[Referring expression grounding data]
*** Begin section ***
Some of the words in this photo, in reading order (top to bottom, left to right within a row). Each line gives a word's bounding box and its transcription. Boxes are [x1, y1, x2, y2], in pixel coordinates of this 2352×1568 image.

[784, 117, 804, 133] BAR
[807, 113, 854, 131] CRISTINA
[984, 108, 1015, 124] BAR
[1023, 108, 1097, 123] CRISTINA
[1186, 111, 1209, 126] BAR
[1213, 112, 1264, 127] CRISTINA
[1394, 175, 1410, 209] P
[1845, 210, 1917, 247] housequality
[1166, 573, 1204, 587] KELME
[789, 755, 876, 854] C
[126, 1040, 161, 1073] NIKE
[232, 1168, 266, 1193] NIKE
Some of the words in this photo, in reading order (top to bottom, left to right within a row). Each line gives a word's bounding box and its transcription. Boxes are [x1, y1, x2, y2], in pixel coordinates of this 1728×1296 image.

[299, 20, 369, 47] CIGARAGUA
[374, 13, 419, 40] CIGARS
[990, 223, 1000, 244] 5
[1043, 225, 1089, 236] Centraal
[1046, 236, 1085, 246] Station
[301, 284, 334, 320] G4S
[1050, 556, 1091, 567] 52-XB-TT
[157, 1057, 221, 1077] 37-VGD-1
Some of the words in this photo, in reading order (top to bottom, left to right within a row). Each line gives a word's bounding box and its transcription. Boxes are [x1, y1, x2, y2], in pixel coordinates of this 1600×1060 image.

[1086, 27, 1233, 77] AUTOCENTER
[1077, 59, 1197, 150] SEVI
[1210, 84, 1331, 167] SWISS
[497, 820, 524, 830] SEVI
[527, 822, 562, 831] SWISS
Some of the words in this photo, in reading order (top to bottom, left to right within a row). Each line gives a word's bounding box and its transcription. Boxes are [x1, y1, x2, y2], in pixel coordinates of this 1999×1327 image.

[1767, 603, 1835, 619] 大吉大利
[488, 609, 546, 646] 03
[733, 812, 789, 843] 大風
*** End section ***
### Task goal
All lines of the data above must be repeated exactly.

### Expected answer
Some of the words in this photo, in reading order (top to bottom, left to right within a row). Each line gives a word's bounding box and its transcription. Boxes are [x1, y1, x2, y2], in pixel coordinates of this 2352×1568 image.

[784, 117, 804, 133] BAR
[807, 113, 854, 131] CRISTINA
[984, 108, 1015, 124] BAR
[1023, 108, 1097, 123] CRISTINA
[1186, 111, 1209, 126] BAR
[1213, 112, 1264, 127] CRISTINA
[1394, 175, 1410, 209] P
[1845, 210, 1917, 247] housequality
[1166, 573, 1204, 587] KELME
[789, 755, 876, 854] C
[126, 1040, 161, 1073] NIKE
[232, 1168, 266, 1193] NIKE
Some of the words in this photo, in reading order (top to bottom, left to right within a row). Each line gives a word's bounding box and its transcription. Boxes are [x1, y1, x2, y2], in pixel coordinates of this 1728×1296 image.

[299, 20, 369, 47] CIGARAGUA
[374, 13, 419, 40] CIGARS
[990, 223, 1000, 244] 5
[1043, 225, 1089, 236] Centraal
[1046, 236, 1085, 246] Station
[301, 284, 334, 320] G4S
[1050, 556, 1091, 567] 52-XB-TT
[157, 1057, 221, 1077] 37-VGD-1
Some of the words in this photo, in reading order (top to bottom, left to right within a row). Each line gives a word's bounding box and its transcription. Boxes are [x1, y1, x2, y2], in pixel coordinates of this 1600×1060 image.

[1086, 27, 1233, 77] AUTOCENTER
[1077, 59, 1197, 150] SEVI
[1210, 84, 1331, 167] SWISS
[497, 820, 524, 830] SEVI
[527, 822, 562, 831] SWISS
Some of the words in this photo, in reading order (top to bottom, left to right within a row). Each line gives a word's bounding box and its transcription. Boxes are [x1, y1, x2, y2], in pixel coordinates of this 1999×1327 image.

[1767, 603, 1835, 619] 大吉大利
[488, 609, 546, 646] 03
[733, 812, 789, 843] 大風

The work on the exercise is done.